Materials provided:
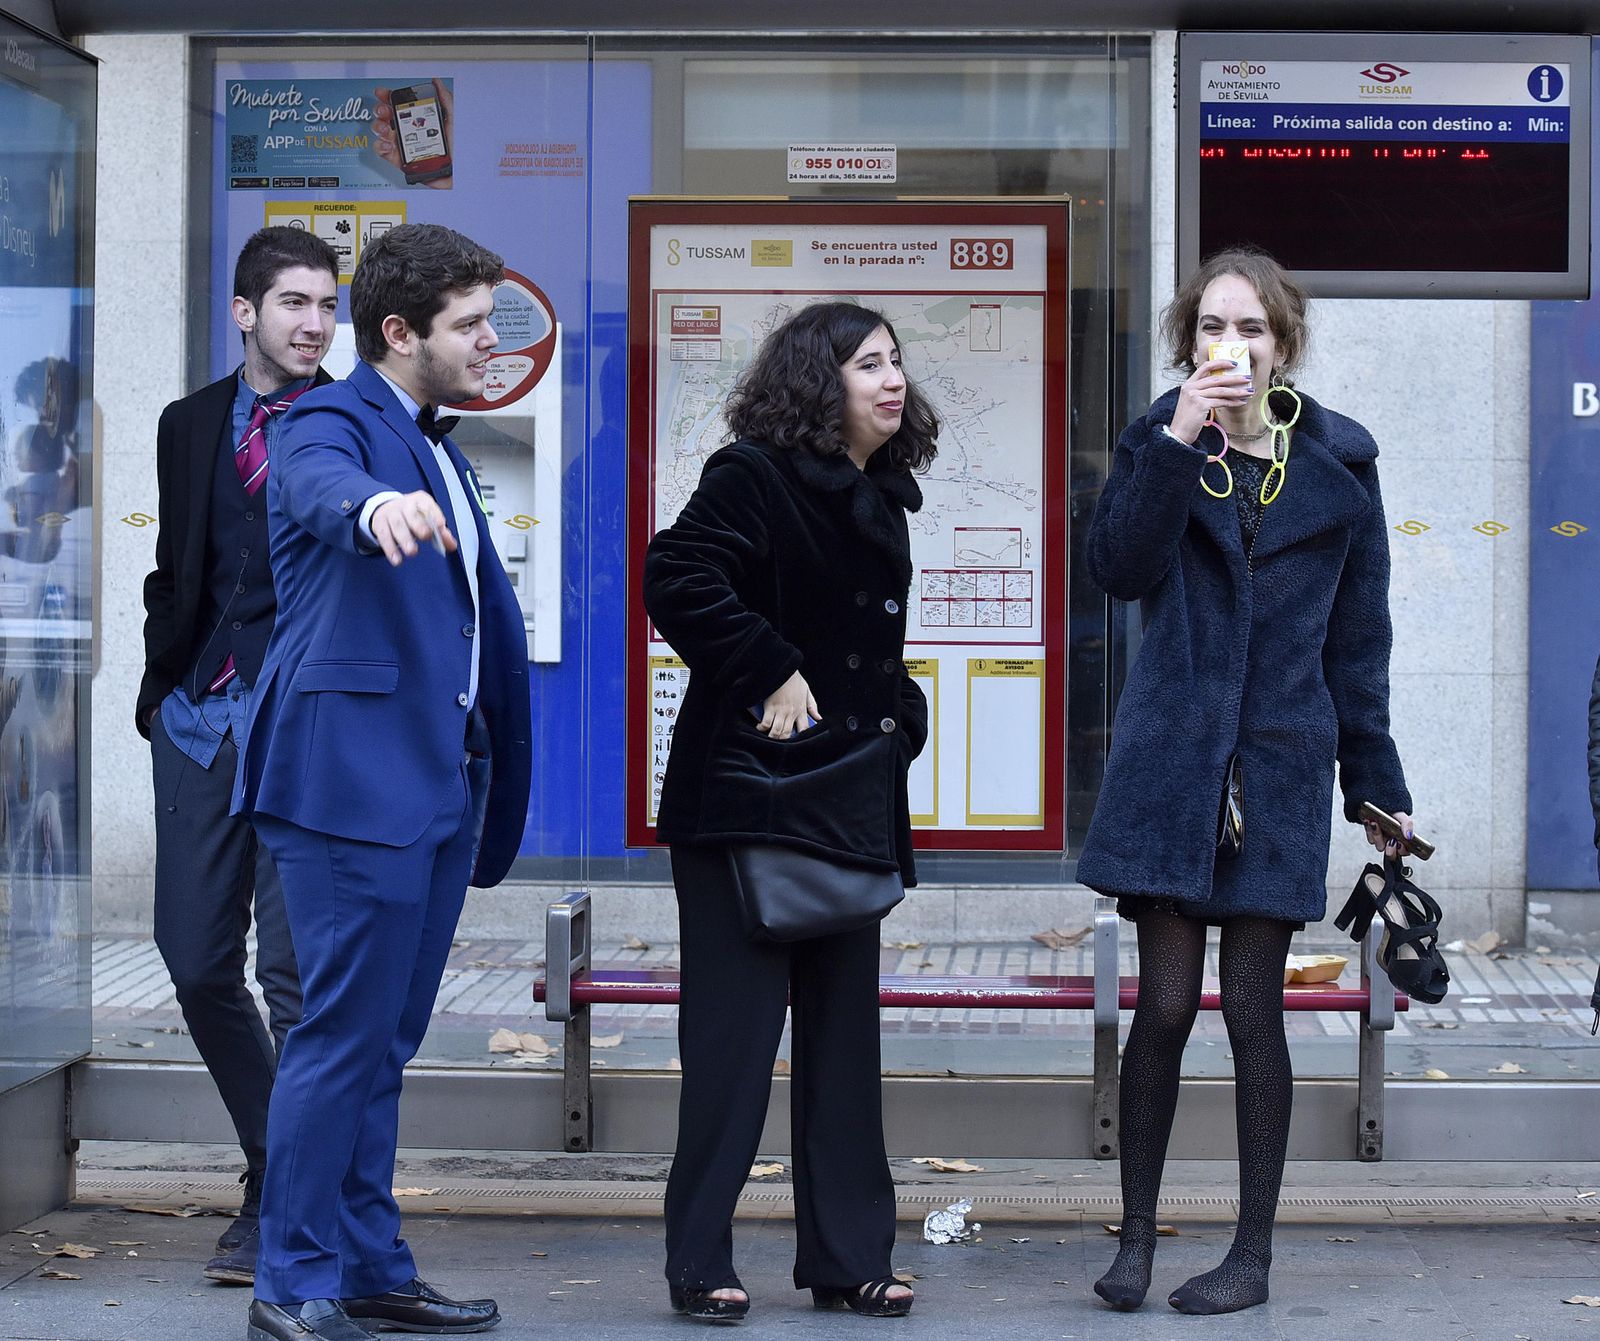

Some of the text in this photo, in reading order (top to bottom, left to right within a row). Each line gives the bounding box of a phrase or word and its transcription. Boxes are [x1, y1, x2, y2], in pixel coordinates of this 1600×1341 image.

[1208, 80, 1280, 89] AYUNTAMIENTO
[1359, 86, 1412, 94] TUSSAM
[230, 83, 303, 108] Muévete
[1234, 91, 1269, 100] SEVILLA
[268, 97, 372, 129] por Sevilla
[1208, 114, 1564, 132] Línea: Próxima salida con destino a: Min:
[263, 136, 294, 149] APP
[305, 135, 369, 149] TUSSAM
[806, 159, 832, 169] 955
[837, 159, 863, 169] 010
[811, 241, 938, 251] Se encuentra usted
[687, 247, 745, 259] TUSSAM
[953, 242, 1009, 267] 889
[824, 256, 839, 265] en
[844, 255, 855, 265] la
[859, 255, 904, 267] parada
[1573, 382, 1600, 416] B
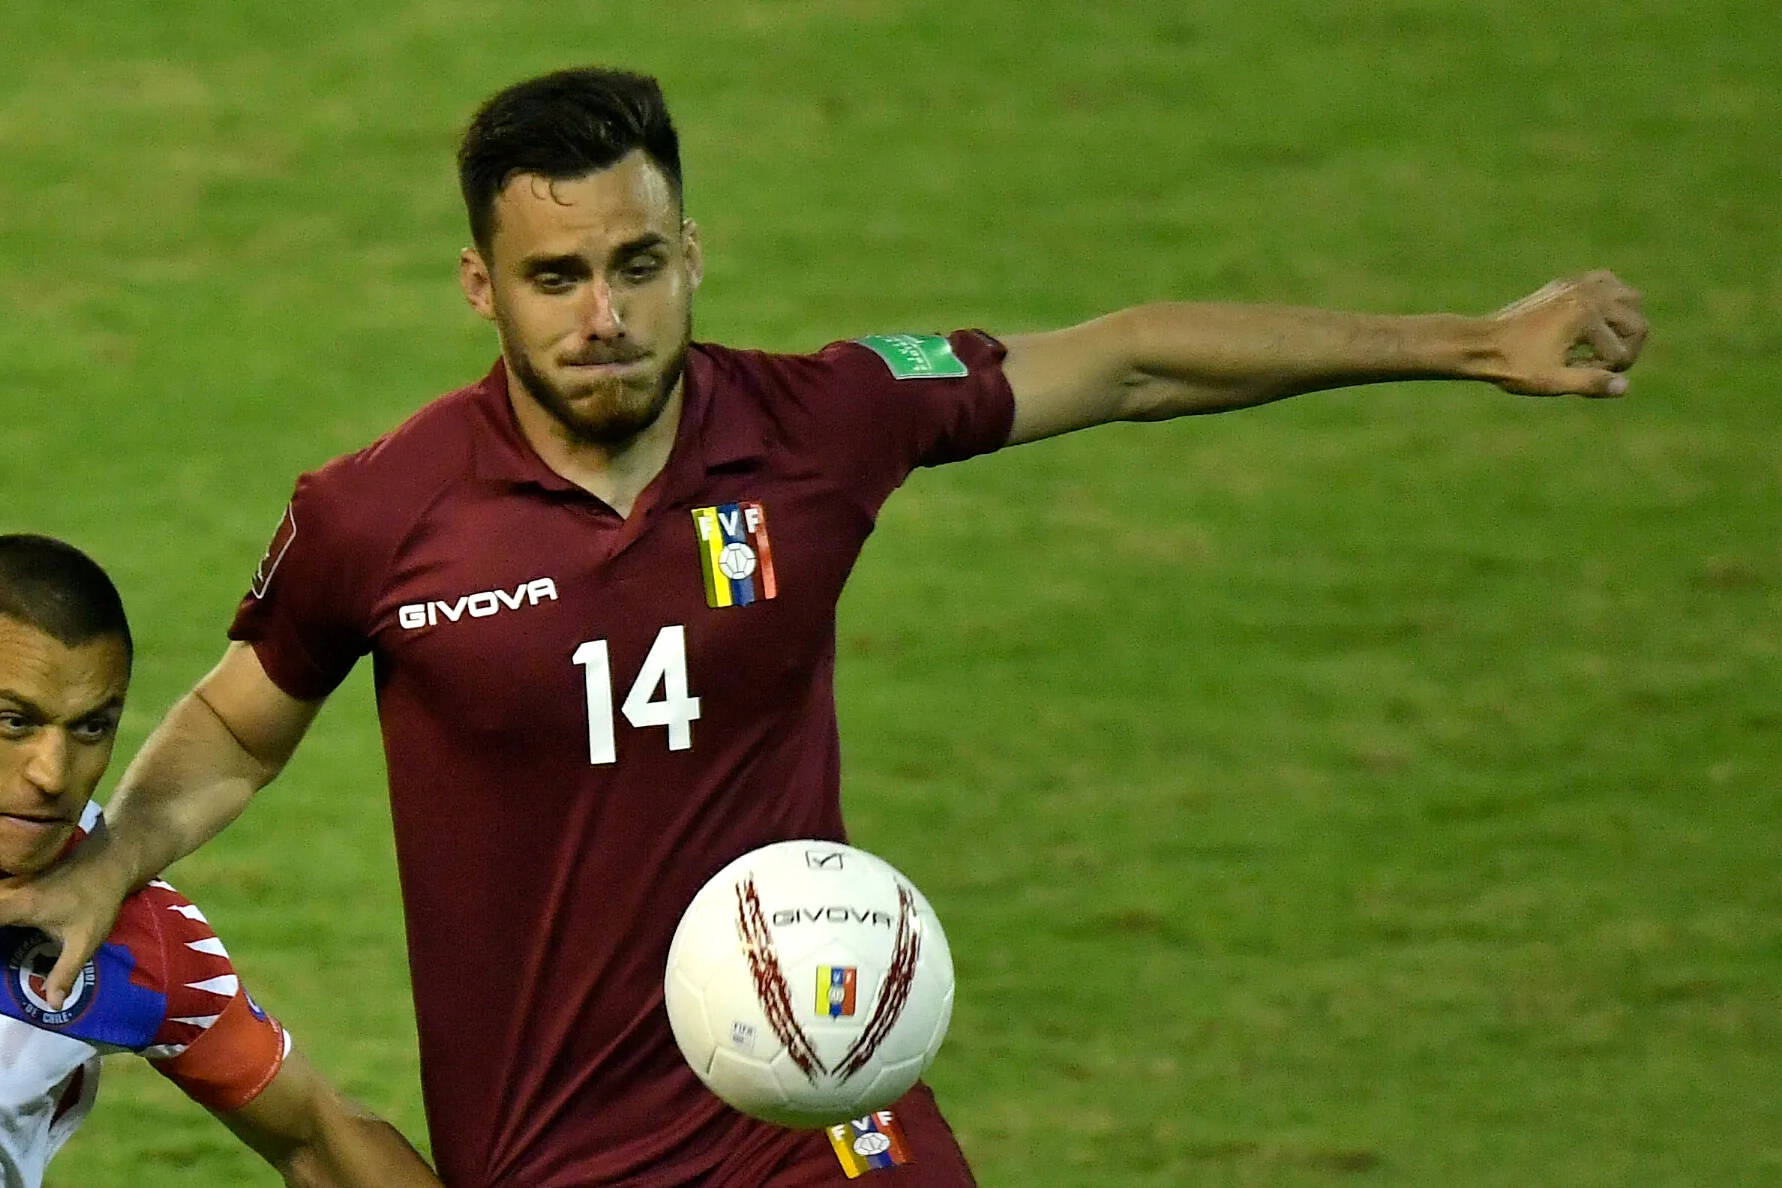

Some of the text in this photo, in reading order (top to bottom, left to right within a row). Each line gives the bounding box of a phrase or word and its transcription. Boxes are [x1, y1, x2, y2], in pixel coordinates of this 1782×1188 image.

[698, 508, 761, 541] FVF
[399, 577, 559, 629] GIVOVA
[572, 625, 701, 764] 14
[773, 906, 893, 929] GIVOVA
[42, 1012, 70, 1024] CHILE
[831, 1111, 893, 1141] FVF

What is required:
Every line from the one containing "this 1782×1188 image." through the end of the entries above must be echoed exactly, with both ends kept.

Reply to the exercise:
Some of the text in this photo, in reading order (top to bottom, left to right within a row). Each line gives the bounding box of a phrase or word and its transcription. Boxes are [x1, y1, x2, y2], in pixel coordinates of this 1782×1188 image.

[698, 508, 761, 541] FVF
[399, 577, 559, 629] GIVOVA
[572, 625, 701, 764] 14
[773, 906, 893, 929] GIVOVA
[42, 1012, 70, 1024] CHILE
[831, 1111, 893, 1141] FVF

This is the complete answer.